A stylesheet language named after yours truly, focused on reusable mixins for styling components.
npm install chiri
chiri index.chiri
; index.chiri
; define mixins (they can be single-line or multi-line)
%borderless:
border: none
%border-1: border: 1px solid
%border-2: border: 2px solid
%text-purple: colour: rebeccapurple
%text-blue:
colour: blue
; apply them to components
.button-main:
%borderless
%text-purple
.button-secondary:
%border-2
%text-blue
The output of the above code is the following, but the js and css files are minified:
/* index.css */
.borderless { border: none }
/* border-1 was never used, so it's skipped */
.border-2 { border: 2px solid }
.text-purple { color: rebeccapurple }
.text-blue { color: blue }
// index.js
const ChiriClasses = {
"button-main": ["borderless", "text-purple"],
"button-secondary": ["border-2", "text-blue"]
};
export default ChiriClasses;
// index.d.ts
declare const ChiriClasses: {
"button-main": string[];
"button-secondary": string[];
};
export default ChiriClasses;
export as namespace ChiriClasses;
If mixins are compiled into CSS classes, you might be wondering whether you have to constantly keep the declaration order of your mixins in mind so that components appear how you'd like them to appear. The answer is no — mixin classes are generated dynamically based on what the components need.
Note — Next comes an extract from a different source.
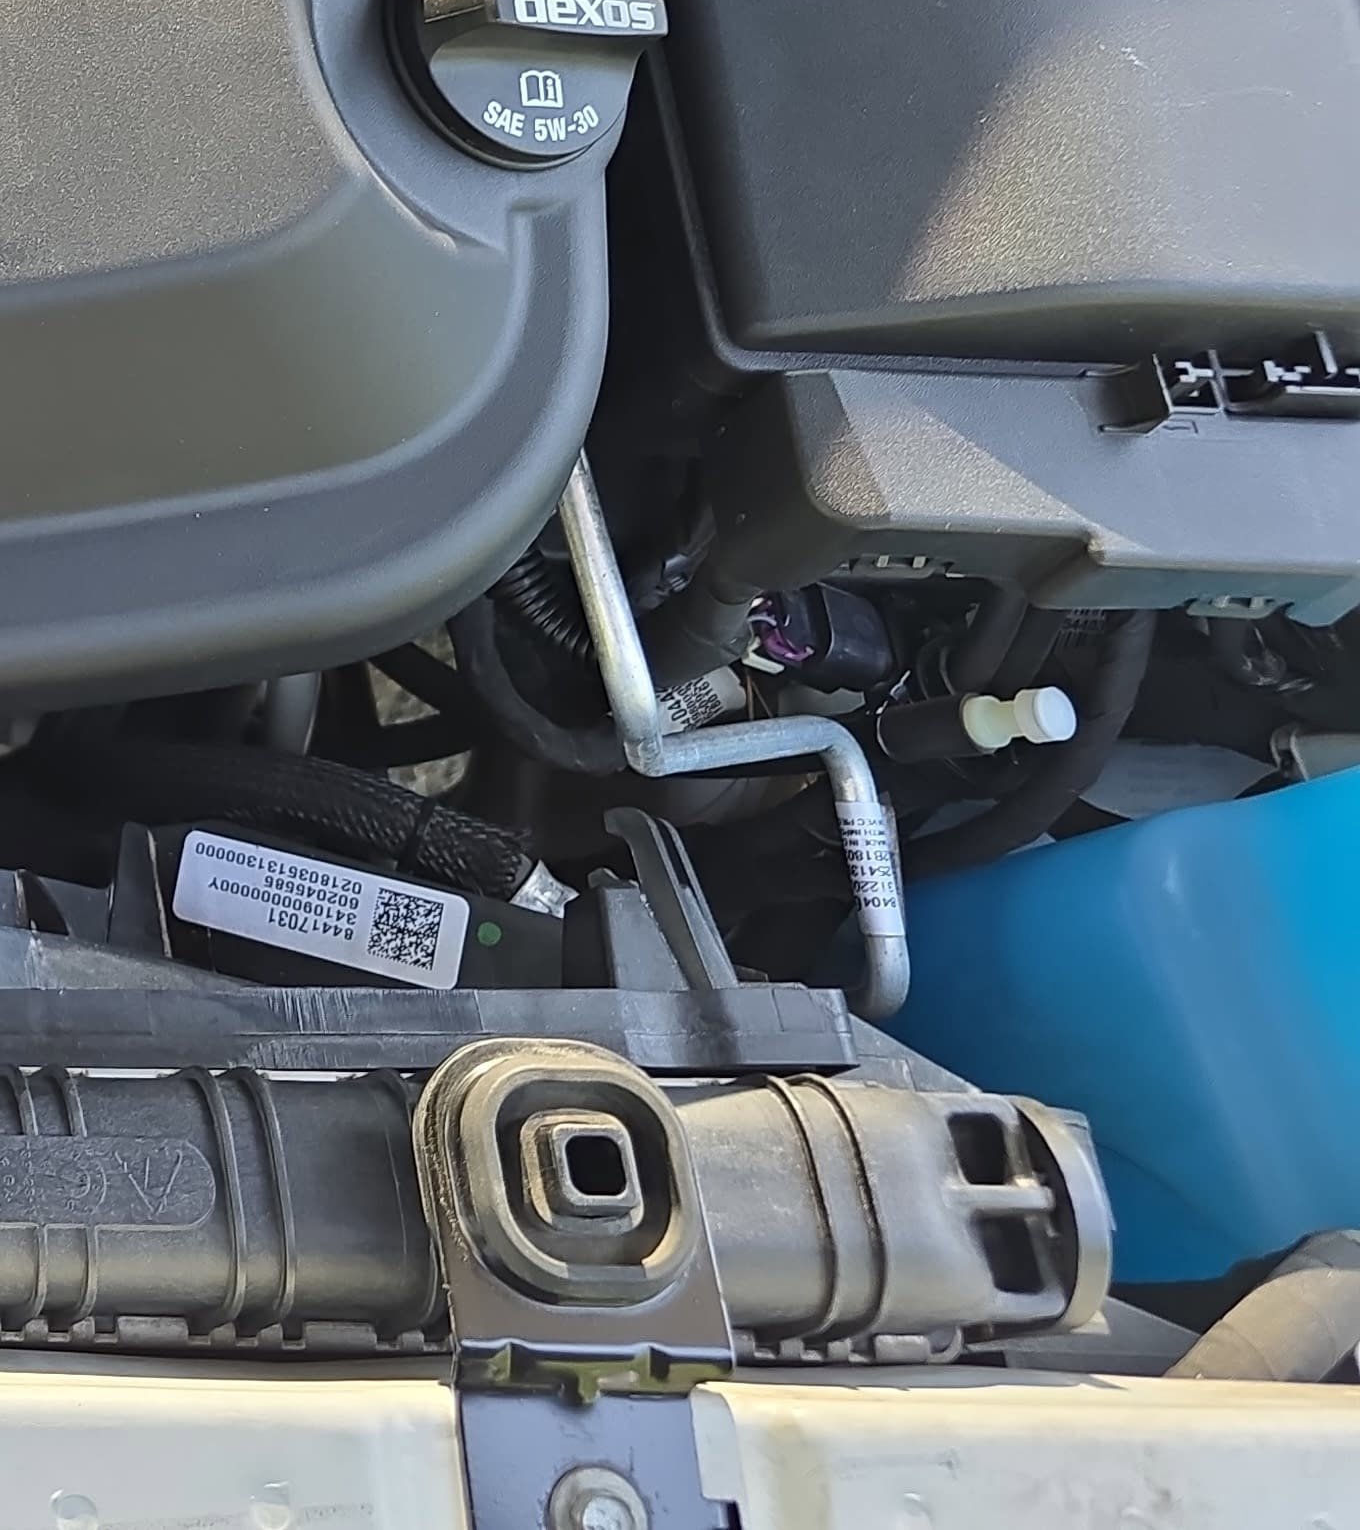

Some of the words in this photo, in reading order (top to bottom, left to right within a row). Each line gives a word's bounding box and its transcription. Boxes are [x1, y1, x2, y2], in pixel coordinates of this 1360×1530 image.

If a previously generated class for a mixin is generated before a mixin you want to take higher precedence on a component, a new copy of the mixin class is generated. This is handled smartly based on the contents of the mixins — if two mixins contain no intersecting properties, then no new mixin class needs to be generated.
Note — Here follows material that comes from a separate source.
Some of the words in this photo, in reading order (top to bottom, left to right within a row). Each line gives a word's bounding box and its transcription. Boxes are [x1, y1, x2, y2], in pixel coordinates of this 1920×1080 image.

Many properties in CSS are shorthands for other properties, or can affect other properties — in these cases, you can tell chirilang about them via #shorthand property-name:
— every property name specified in the body of the shorthand is considered affected by property-name
, which means intersections can be detected. The default lib has some shorthands already set up, but do not trust that they are anywhere near exhaustive.
Selectors are more restrictive than in base CSS, as chiri stylesheets are intended to be used exclusively for components, and anything that needs custom styles should be a component.
Anatomy of a selector:
class name | state (optional) |
---|---|
.button-main | :hover |
That's it.
Possible values for state
are as follows:
; state selectors that match the component itself:
:hover ; equivalent to CSS :hover:not(:has(:hover))
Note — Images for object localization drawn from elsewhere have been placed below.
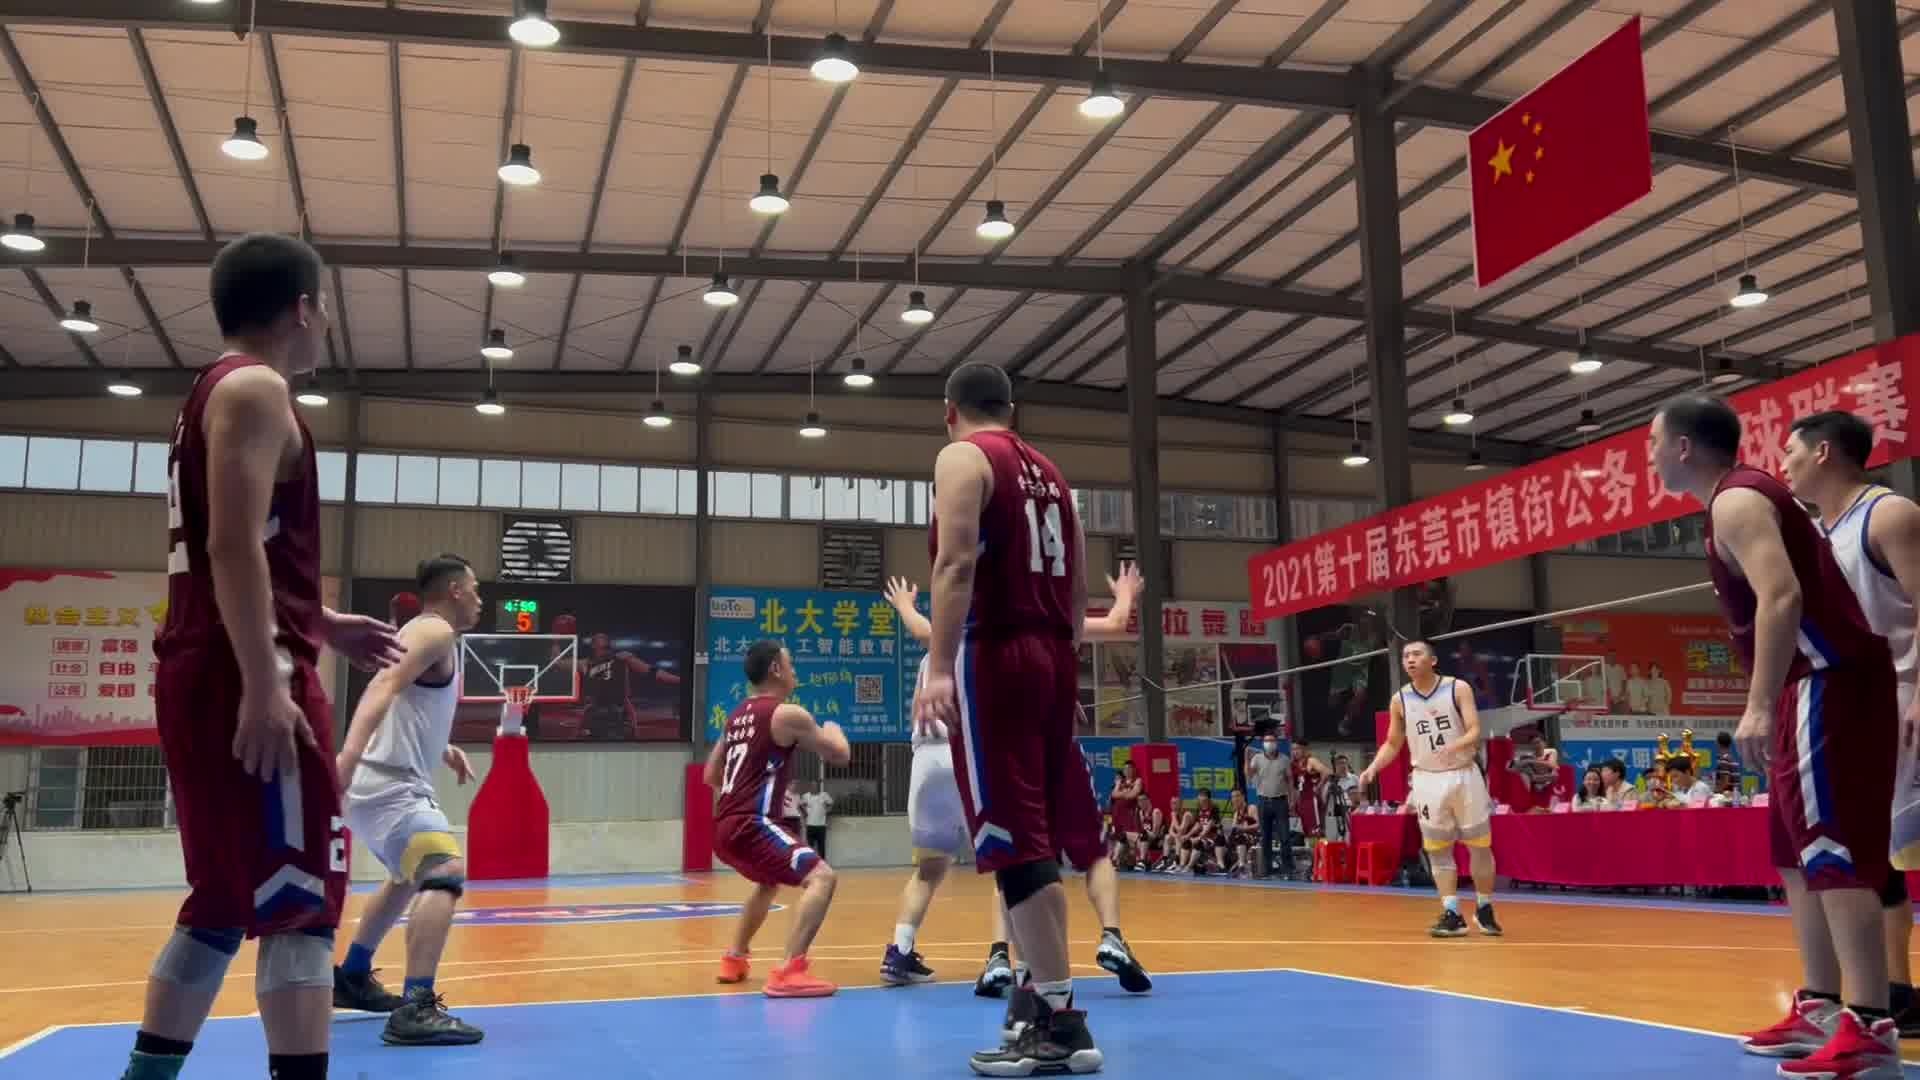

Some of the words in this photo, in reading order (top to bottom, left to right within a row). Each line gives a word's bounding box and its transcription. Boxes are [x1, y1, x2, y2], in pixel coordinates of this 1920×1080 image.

[1025, 499, 1066, 577] 14
[517, 613, 532, 632] 5
[760, 598, 897, 636] 北大学堂
[99, 662, 136, 676] 自由
[1416, 714, 1451, 736] 企石
[1428, 733, 1447, 751] 14
:active ; equivalent to CSS :active:not(:has(:active))
:focus ; equivalent to CSS :focus-visible
:focus-any ; equivalent to CSS :focus
; state selectors that also match descendants:
::hover ; equivalent to CSS :hover
::active ; equivalent to CSS :active
::focus ; equivalent to CSS :has(:focus-visible)
::focus-any ; equivalent to CSS :focus-within
chiri supports many other language constructs — variables, macros, if/else, loops, functions, importing other files, etc. It also supports interpolation, allowing you to inject variable contents into strings or property names and values. At time of writing I don't have time to document all of this, but if you want examples, check out the default lib.